Stored data section start
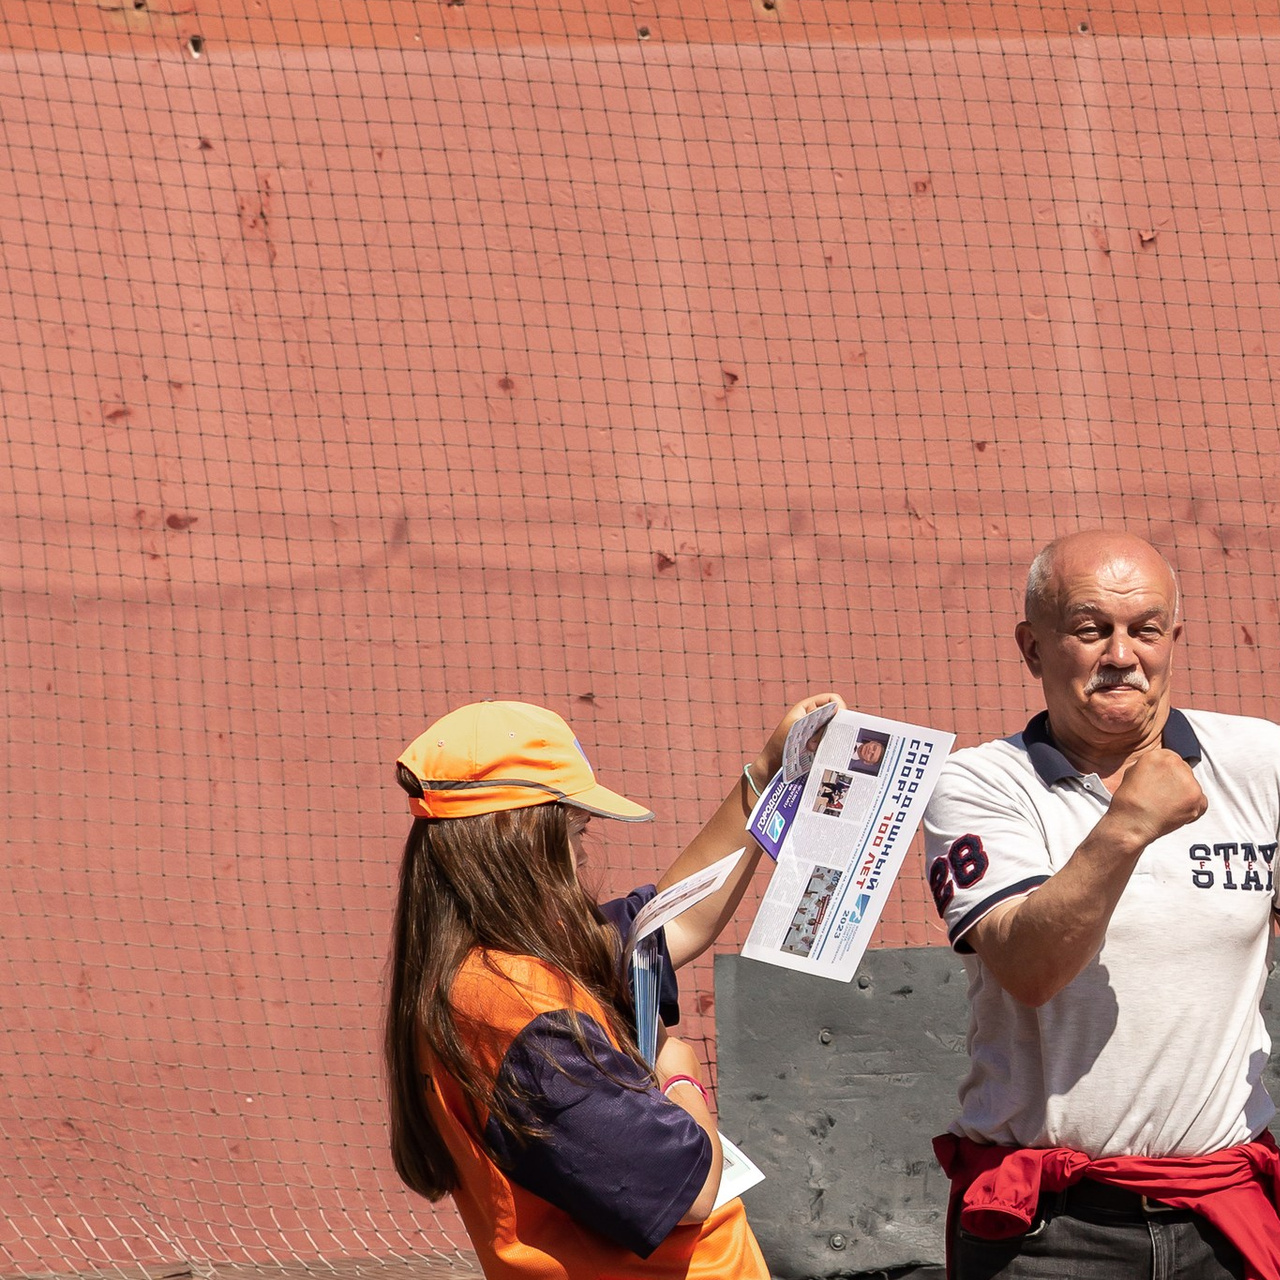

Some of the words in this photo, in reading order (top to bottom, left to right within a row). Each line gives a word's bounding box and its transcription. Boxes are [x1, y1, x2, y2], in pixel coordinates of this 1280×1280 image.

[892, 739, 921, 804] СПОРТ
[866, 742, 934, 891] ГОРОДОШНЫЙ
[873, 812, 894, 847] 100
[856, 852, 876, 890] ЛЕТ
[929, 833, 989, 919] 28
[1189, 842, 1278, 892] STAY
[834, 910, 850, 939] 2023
Stored data section end
Aim of the task: Reproduce the data verbatim and omit each image.

Reply:
Some of the words in this photo, in reading order (top to bottom, left to right within a row). Each line gives a word's bounding box and its transcription. Boxes are [x1, y1, x2, y2], in pixel coordinates of this 1280×1280 image.

[892, 739, 921, 804] СПОРТ
[866, 742, 934, 891] ГОРОДОШНЫЙ
[873, 812, 894, 847] 100
[856, 852, 876, 890] ЛЕТ
[929, 833, 989, 919] 28
[1189, 842, 1278, 892] STAY
[834, 910, 850, 939] 2023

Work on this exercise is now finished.